DATASET CONTENT:
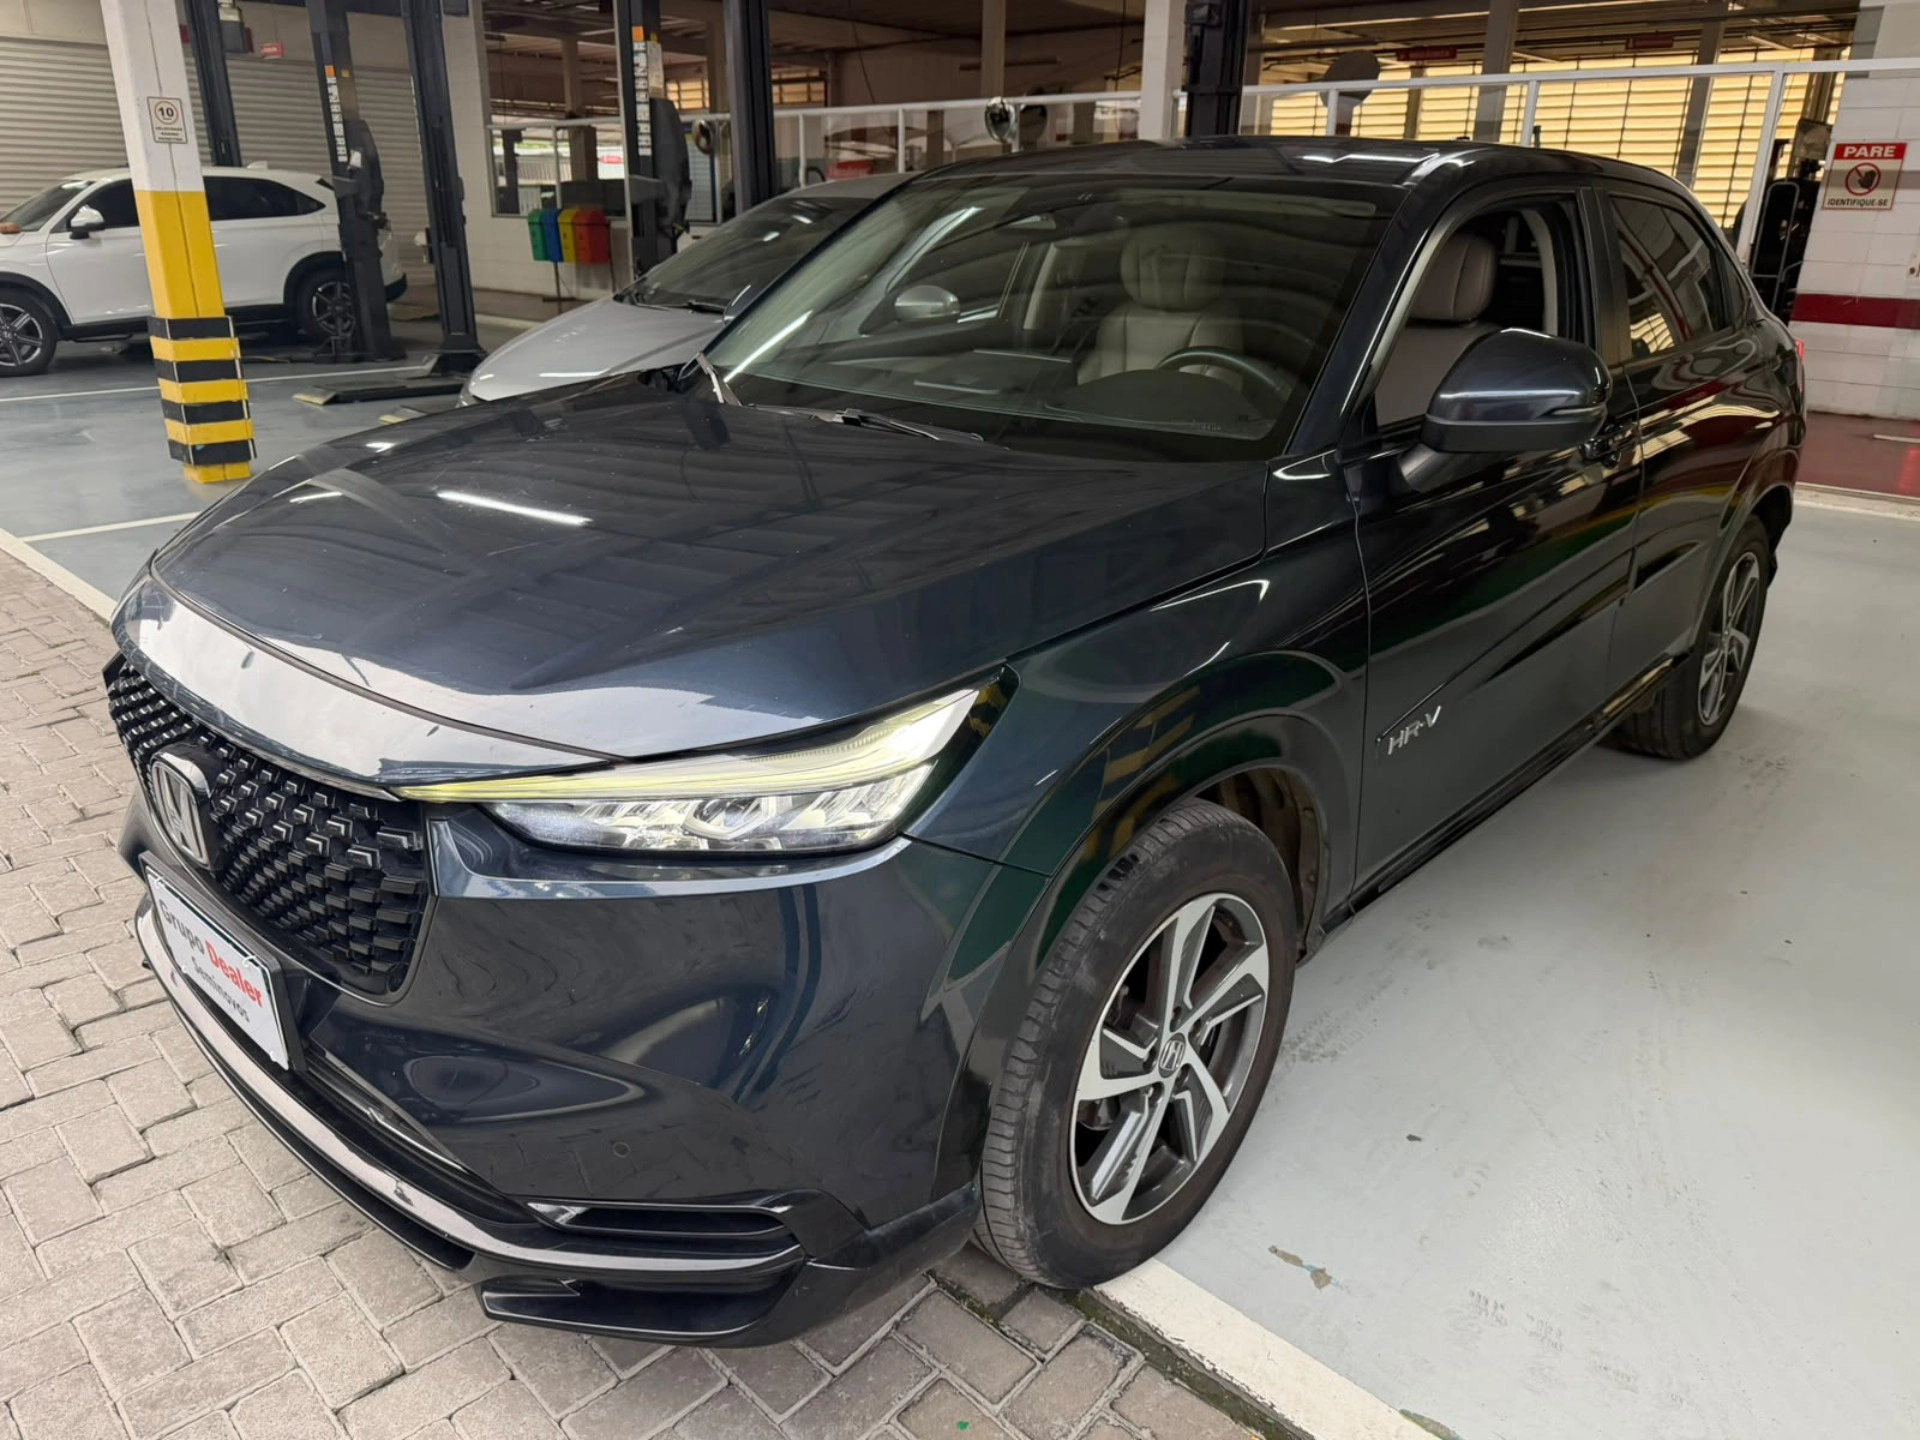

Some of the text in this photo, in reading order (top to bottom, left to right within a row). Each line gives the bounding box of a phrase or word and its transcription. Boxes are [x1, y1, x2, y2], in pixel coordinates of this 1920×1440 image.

[159, 106, 175, 117] 10
[1842, 145, 1897, 158] PARE
[1827, 197, 1889, 208] IDENTIFIQUE-SE
[1387, 705, 1442, 756] HR-V
[158, 898, 264, 1009] Grupo Dealer
[191, 955, 250, 1023] Seminovos

EXERCISE DIRECTIONS: Retype every entry exactly as written, but omit the pictures.

TASK RESULT:
Some of the text in this photo, in reading order (top to bottom, left to right within a row). Each line gives the bounding box of a phrase or word and its transcription. Boxes are [x1, y1, x2, y2], in pixel coordinates of this 1920×1440 image.

[159, 106, 175, 117] 10
[1842, 145, 1897, 158] PARE
[1827, 197, 1889, 208] IDENTIFIQUE-SE
[1387, 705, 1442, 756] HR-V
[158, 898, 264, 1009] Grupo Dealer
[191, 955, 250, 1023] Seminovos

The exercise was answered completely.